ELF and ALF do not practice civil disobedience, they are purveyors of the most radical and controversial methodology in the environmental movement: the destruction of corporate property, or, as Rosebraugh puts it, "economic sabotage."

To the frustration of law enforcement agencies, not a single member of ELF or ALF has been caught. Not surprisingly, authorities have focused on Rosebraugh, as the public face of a faceless organization. In February, the FBI raided his home and grabbed his computer and filing cabinets. At an April appearance before a federal grand jury in Portland, he discovered that his phone had been bugged for the past three years.

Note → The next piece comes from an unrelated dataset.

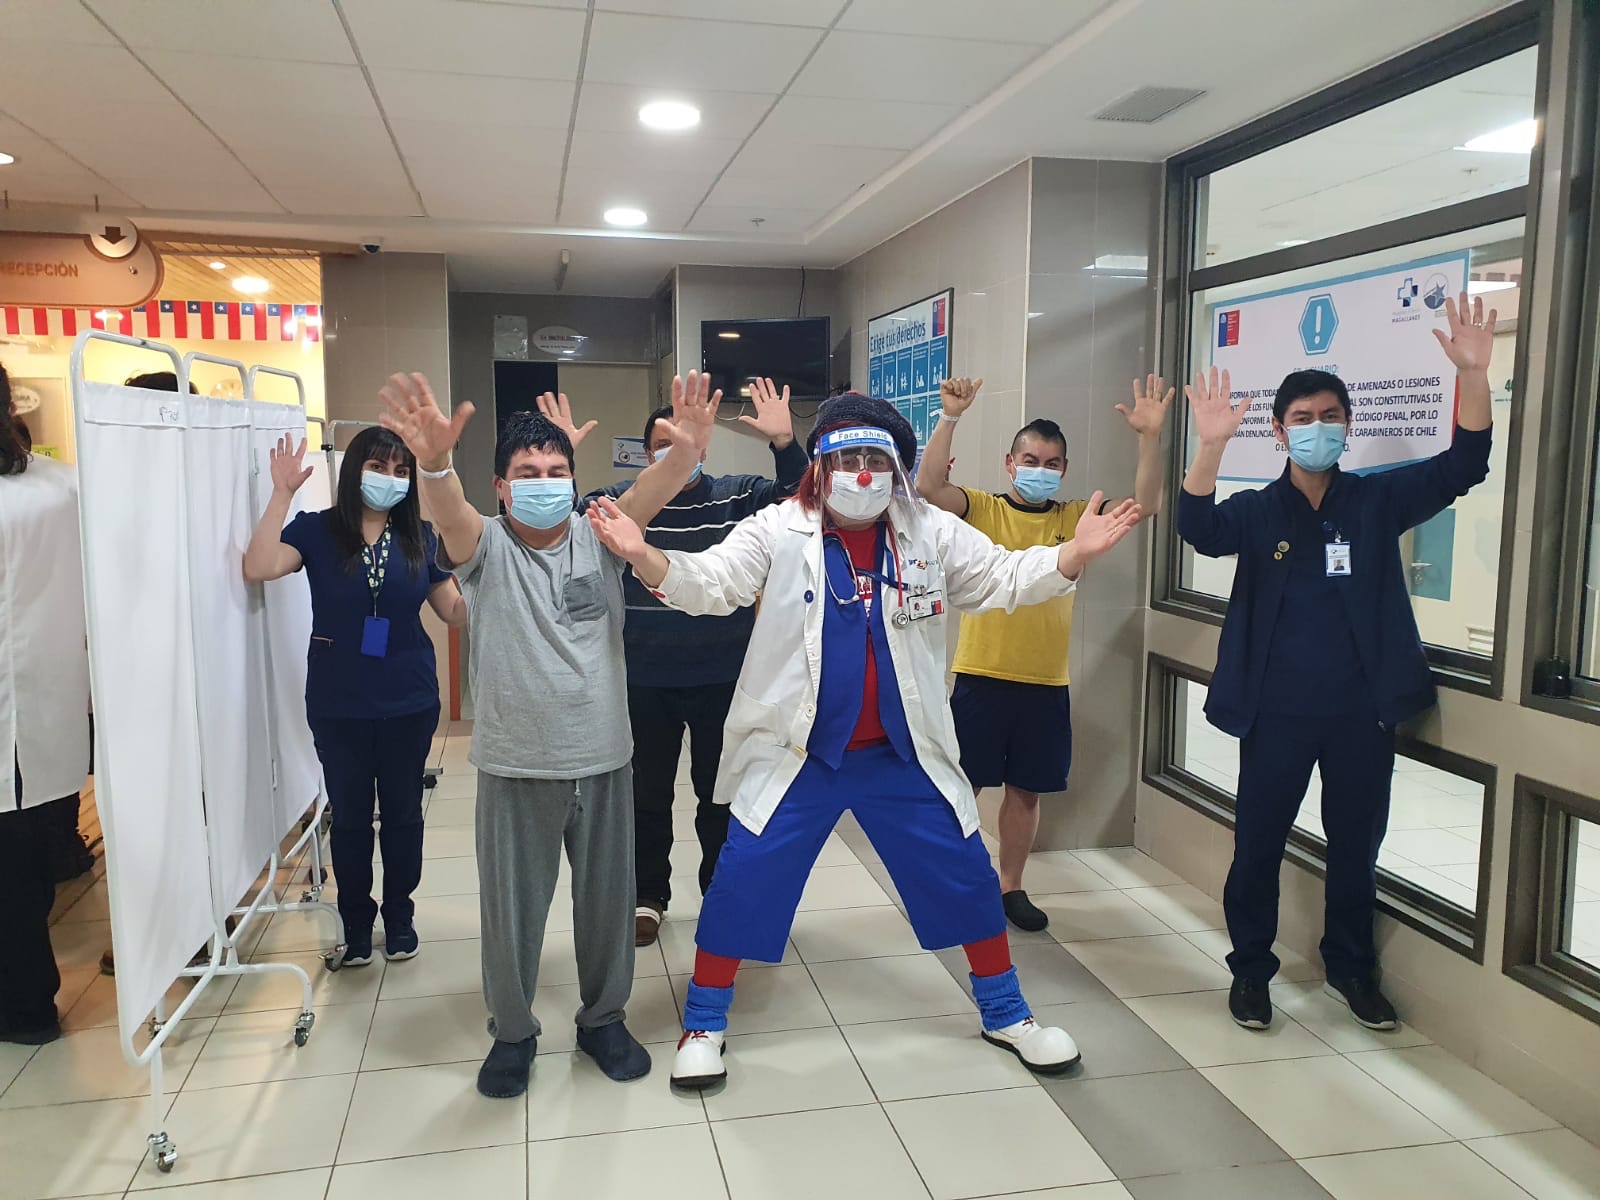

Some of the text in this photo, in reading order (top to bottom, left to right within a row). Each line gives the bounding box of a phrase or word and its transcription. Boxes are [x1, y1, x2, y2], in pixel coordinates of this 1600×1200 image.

Rosebraugh claims he does not know the identity of a single person doing these actions, and though he supports them, he has never taken part. The truth is probably less cut and dried. "You run a lot of personal risk for doing this," he says. " I hope and dream that these actions will increase, not only in the frequency but in their intensity. Because I believe that these type of actions are at the core of social change in this country."

He adds: "In school you are taught that there are times maybe where civil disobedience is appropriate. What we didn't learn about in school is the direct action movements that accompanied these other social movements, and their actions served to be so radical and out there as to push the mainstream paradigm of thought closer and closer to the social movements' way of thinking. After 10 years of working in various movements, I've come to the conclusion that what is going to work right now, in this day and age, is direct action in the form of economic sabotage."

Rosebraugh's main adversaries, however, are not the government, but the media and other environmental groups. He chastises the media for coining the term "ecoterrorist," even though no humans have been physically harmed in an attack by ELF or ALF, both of which he says adhere to a "code of nonviolence to humans and animals."

And he is disappointed in other environmental groups for condemning the sabotage--a condemnation that has been nearly universal. In the wake of the Vail destruction, the Environmental Defense Fund's Fred Krupp told the New York Times, "Undermining the rule of law cannot possibly advance the cause of environmentalism. Regardless of what one's view of the lynx is, or the expansion, the arson at Vail is an outrage."

Rosebraugh responds: "It would have been easy for them to come out and say, 'We don't agree with the tactics, but as of right now we can see that people are going to do whatever they can to further the issue.' "

And for ELF, according to Rosebraugh, that issue is protecting the earth "for not only our future generations but for other animal nations."